Lets try inserting the summary to help the model to see if it actually helps

In [30]:
summary = df.nlargest(1, 'prompt_similarity').iloc[0]['summary']

In [32]:
prompt = f"""Only answer the question below if you have 100% certainty of the facts, use the context below to answer..
        Here is some context - 
        {summary}
        
        Q: What does the start up company Pantera do and who invested on it?
        A: """

response = openai.Completion.create(
    model = "text-davinci-003",
    prompt = prompt,
    temperature = 0,
    max_tokens = 256
)

print(response['choices'][0]['text'].strip("\n"))

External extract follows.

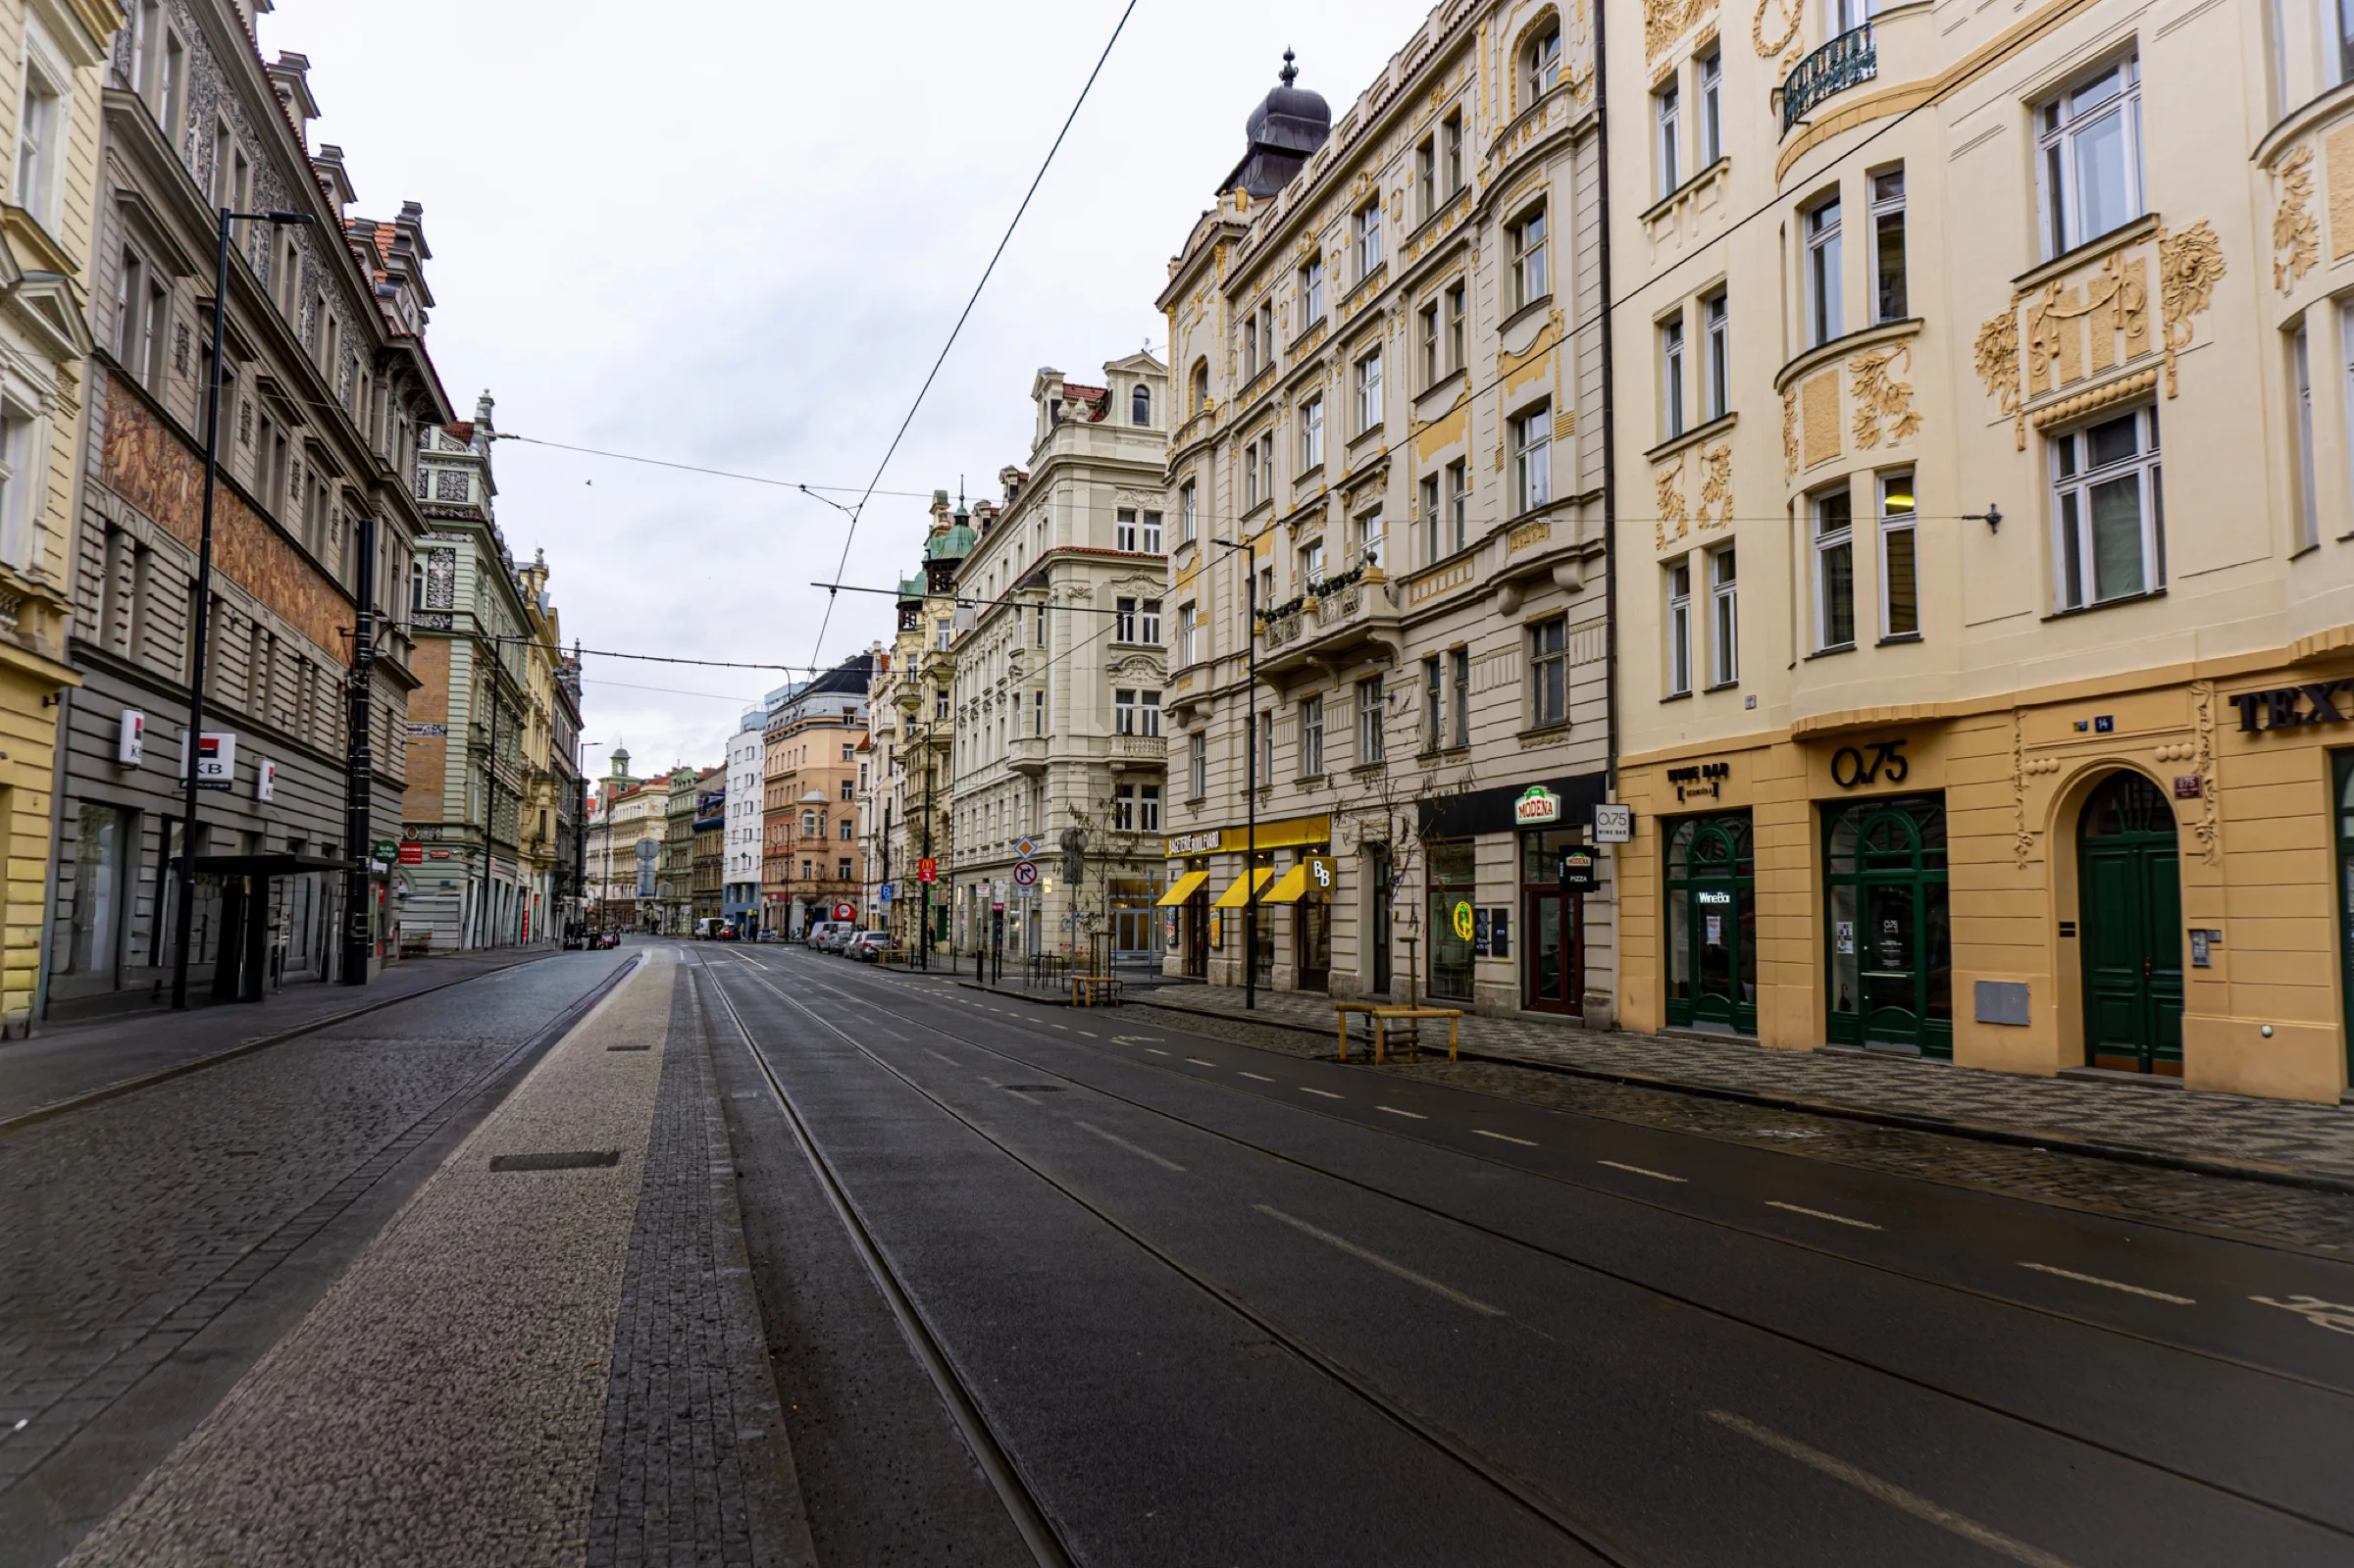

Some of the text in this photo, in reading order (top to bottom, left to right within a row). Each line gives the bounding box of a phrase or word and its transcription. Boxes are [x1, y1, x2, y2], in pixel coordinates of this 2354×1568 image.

[1666, 763, 1729, 783] WINE BAR
[1518, 799, 1553, 818] MODENA

 Pentera is a start up company in the field of Cybersecurity. AWZ Ventures, Blackstone, and Insight Partners have invested in the company.

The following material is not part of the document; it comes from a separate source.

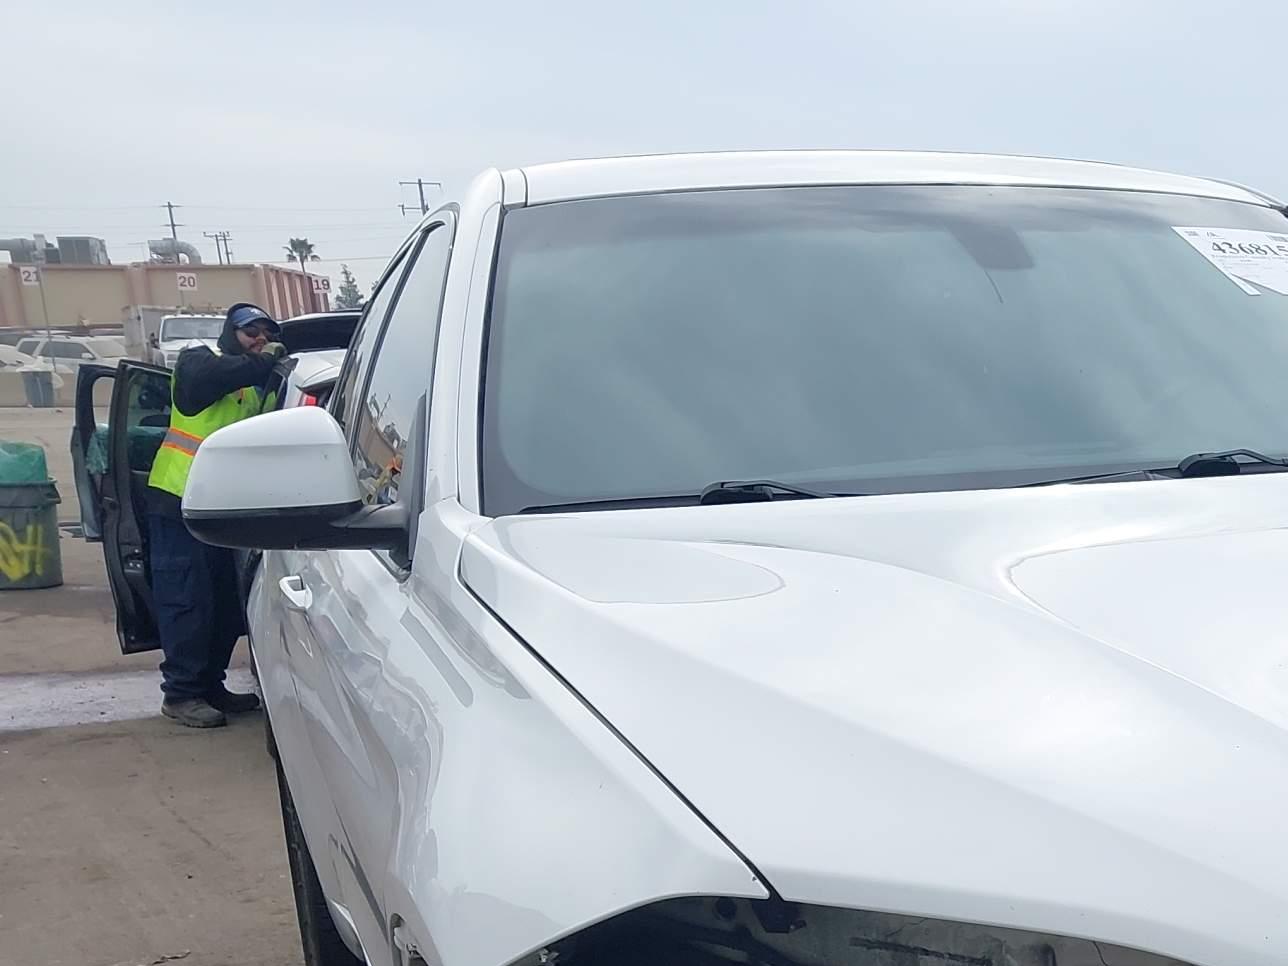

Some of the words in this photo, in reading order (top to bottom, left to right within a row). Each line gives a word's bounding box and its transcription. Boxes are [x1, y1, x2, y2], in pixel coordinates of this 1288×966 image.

#### Let's clean this all up by creating a function that wraps all the functions together. Note how this is pretty limited due to our data, but hopefully you can see how this is generalizable to your own data sets and prompts, each situation will be different!

In [33]:
def embed_lookup():
    # Initial Question
    question = input("What Question you have about a Unicorn Company ?")
    # Get embedding
    prompt_embedding = get_embedding(question)
    # Get prompt similarity with embeddings
    df['prompt_similarity'] = df['embeddings'].apply(lambda vector: cos_similarity(vector, prompt_embedding))
    
    # get most similar summary
    summary = df.nlargest(1, 'prompt_similarity').iloc[0]['summary']
    
    # creating the GPT prompt
    prompt = f"""Only answer the question if you have 100% certainity of facts, use the context below to answer.. 
    Here is some context.
    {summary}
    Q: {question}
    A: """
    
    # make the api call
    response = openai.Completion.create(model='text-davinci-003',
                                        prompt = prompt,
                                        temperature=0,
                                        max_tokens=256)
    # display the response
    print(response['choices'][0]['text'])

In [34]:
# Make the function call

embed_lookup()

 Pantheon Systems is a company headquartered in San Francisco that specializes in Internet software & services. The investors in the company are Foundry Group, Scale Venture Partners, and SoftBank Group.